── Exercise input ──

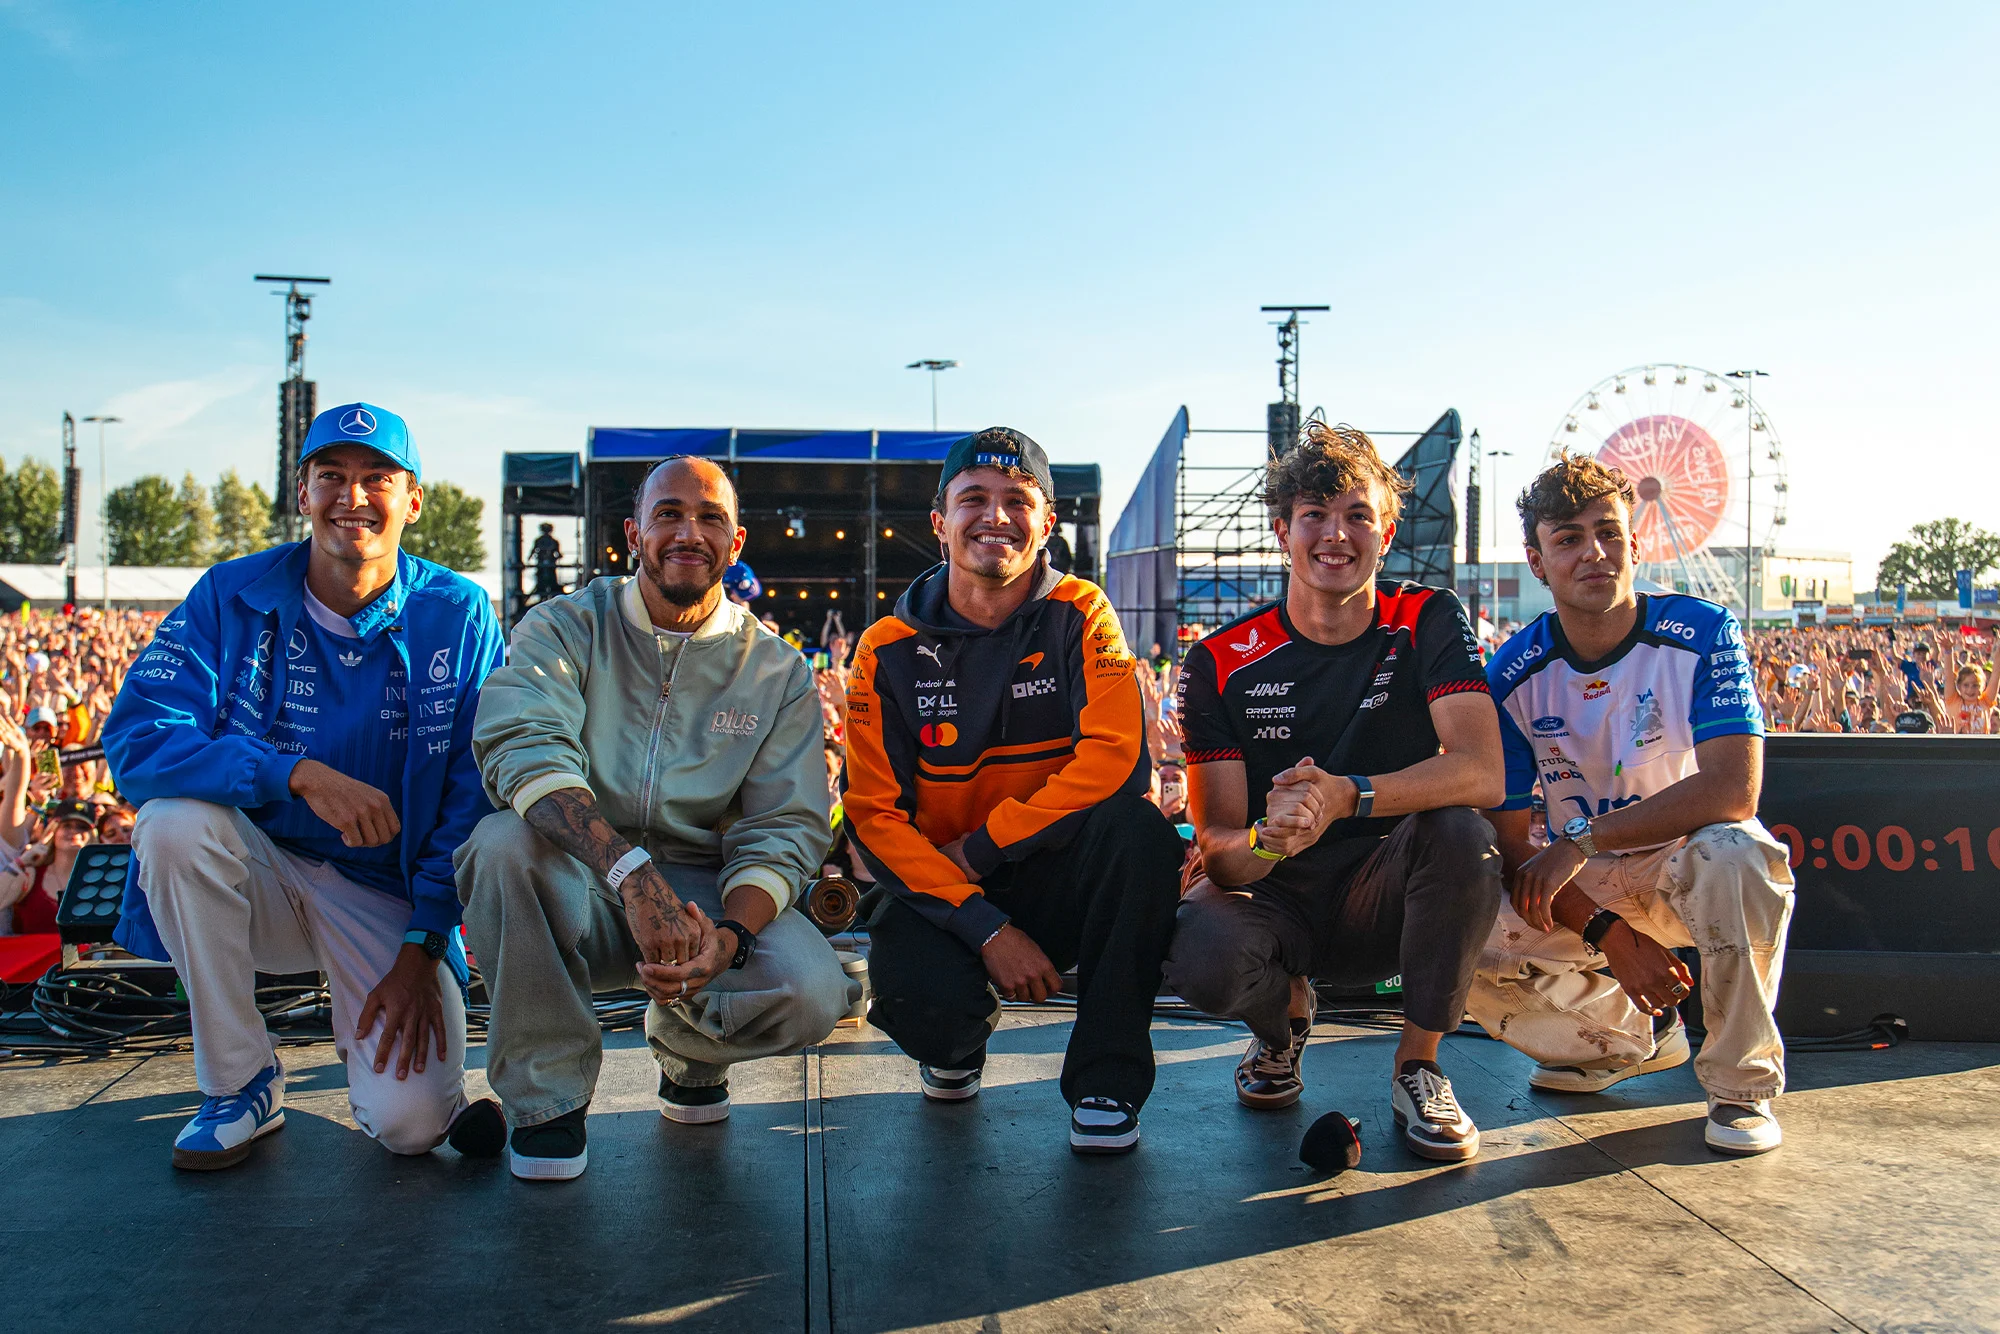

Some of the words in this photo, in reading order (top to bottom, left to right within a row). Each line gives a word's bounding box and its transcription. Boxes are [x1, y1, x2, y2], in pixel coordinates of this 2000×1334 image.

[1655, 618, 1696, 641] HUGO
[1502, 644, 1543, 682] HUGO
[1011, 677, 1057, 699] OKX
[1244, 681, 1295, 697] HAAS
[418, 698, 457, 718] INEO
[1711, 692, 1741, 708] Red
[709, 706, 759, 732] plus
[428, 740, 451, 755] HP
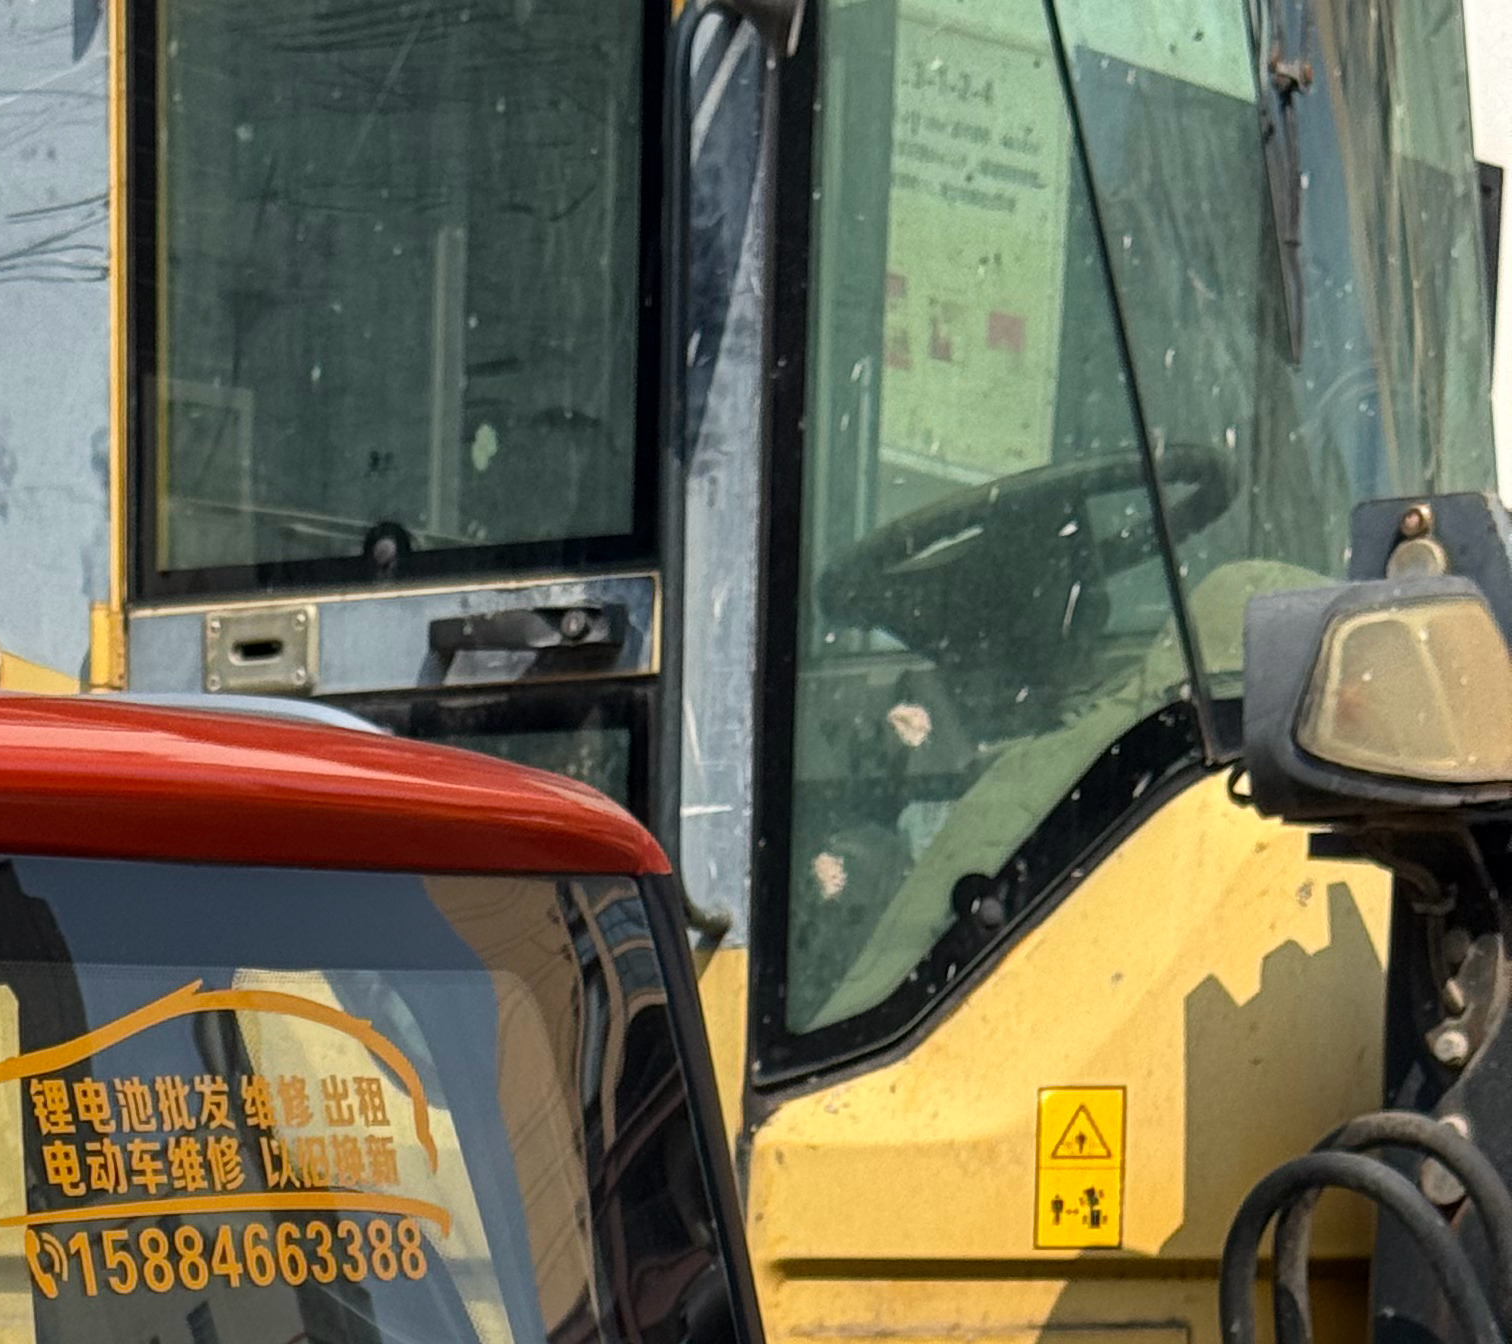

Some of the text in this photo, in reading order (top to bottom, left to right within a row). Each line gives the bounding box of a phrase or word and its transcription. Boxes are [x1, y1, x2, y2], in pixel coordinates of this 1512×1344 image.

[30, 1073, 391, 1136] 锂电池批发 维修 出租
[42, 1133, 400, 1197] 电动车维修 以旧换新
[69, 1221, 428, 1297] 15884663388
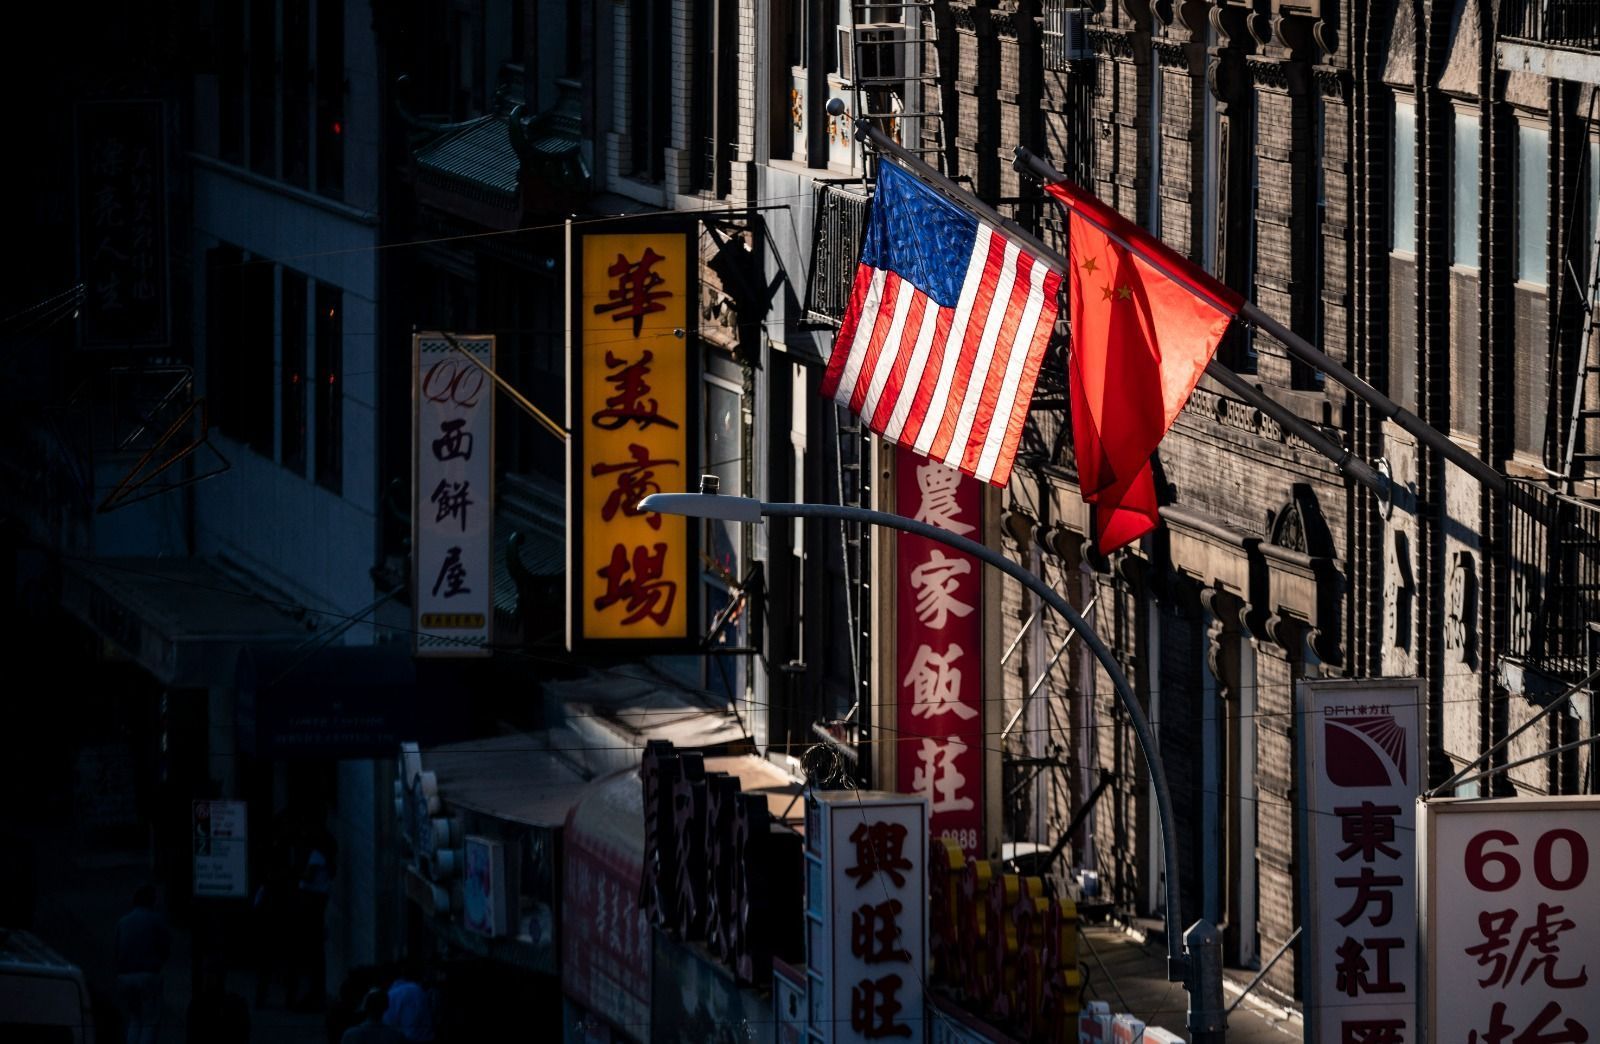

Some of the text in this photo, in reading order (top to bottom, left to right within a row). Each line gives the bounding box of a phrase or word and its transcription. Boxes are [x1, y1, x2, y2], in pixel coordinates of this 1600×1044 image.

[422, 358, 484, 408] QQ
[593, 247, 679, 626] 華美商場
[431, 418, 473, 598] 西餅屋
[845, 821, 913, 1037] 興旺旺
[1464, 829, 1589, 892] 60
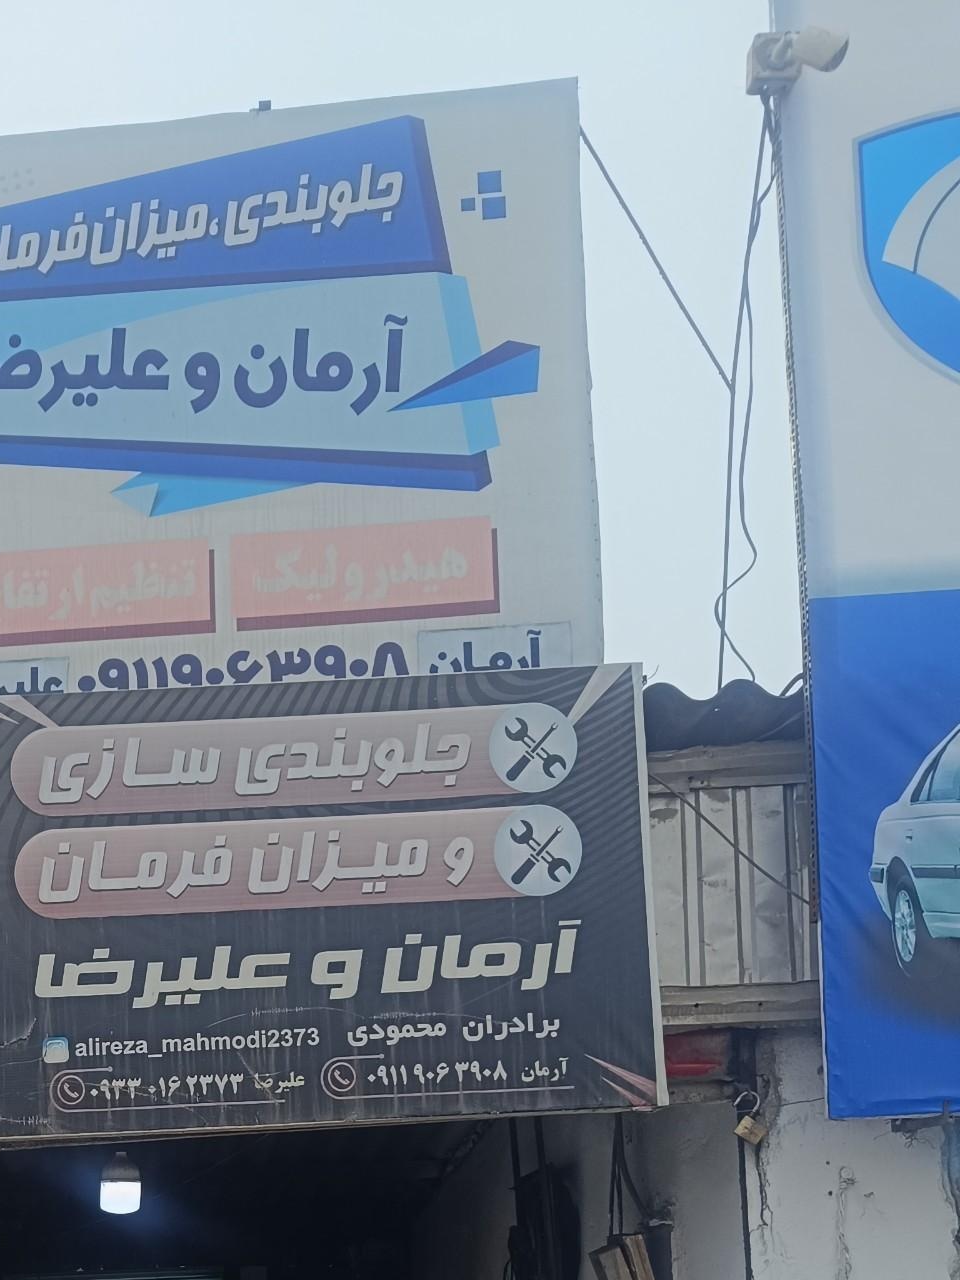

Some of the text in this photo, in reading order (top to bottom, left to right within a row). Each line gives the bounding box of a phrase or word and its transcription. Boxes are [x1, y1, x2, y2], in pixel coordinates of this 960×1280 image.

[89, 198, 208, 267] میزان
[183, 351, 222, 414] و
[233, 313, 409, 416] آرمان
[233, 722, 473, 797] جلوبندی
[38, 829, 475, 904] و میزان فرمان
[34, 918, 582, 1009] آرمان و علیرضا
[74, 1026, 321, 1059] alireza_mahmodi2373
[347, 1012, 561, 1047] برادران محمودی
[520, 1056, 570, 1082] آرمان

───

— Assignment —
Please repeat each record exactly and keep every picture out of the copy.

— Solved exercise —
Some of the words in this photo, in reading order (top to bottom, left to right within a row). Each line gives a word's bounding box and its transcription. Boxes are [x1, y1, x2, y2], in pixel coordinates of this 2000×1334 image.

[1655, 618, 1696, 641] HUGO
[1502, 644, 1543, 682] HUGO
[1011, 677, 1057, 699] OKX
[1244, 681, 1295, 697] HAAS
[418, 698, 457, 718] INEO
[1711, 692, 1741, 708] Red
[709, 706, 759, 732] plus
[428, 740, 451, 755] HP

Some of the text in this photo, in reading order (top to bottom, left to right within a row). Each line gives the bounding box of a phrase or word and its transcription. Boxes are [x1, y1, x2, y2], in pixel coordinates of this 1512×1344 image.

[30, 1073, 391, 1136] 锂电池批发 维修 出租
[42, 1133, 400, 1197] 电动车维修 以旧换新
[69, 1221, 428, 1297] 15884663388

Some of the text in this photo, in reading order (top to bottom, left to right within a row). Each line gives the bounding box of a phrase or word and its transcription. Boxes are [x1, y1, x2, y2], in pixel coordinates of this 1600×1044 image.

[422, 358, 484, 408] QQ
[593, 247, 679, 626] 華美商場
[431, 418, 473, 598] 西餅屋
[845, 821, 913, 1037] 興旺旺
[1464, 829, 1589, 892] 60

Some of the text in this photo, in reading order (top to bottom, left to right within a row). Each line gives the bounding box of a phrase or word and its transcription. Boxes are [x1, y1, x2, y2], in pixel coordinates of this 960×1280 image.

[89, 198, 208, 267] میزان
[183, 351, 222, 414] و
[233, 313, 409, 416] آرمان
[233, 722, 473, 797] جلوبندی
[38, 829, 475, 904] و میزان فرمان
[34, 918, 582, 1009] آرمان و علیرضا
[74, 1026, 321, 1059] alireza_mahmodi2373
[347, 1012, 561, 1047] برادران محمودی
[520, 1056, 570, 1082] آرمان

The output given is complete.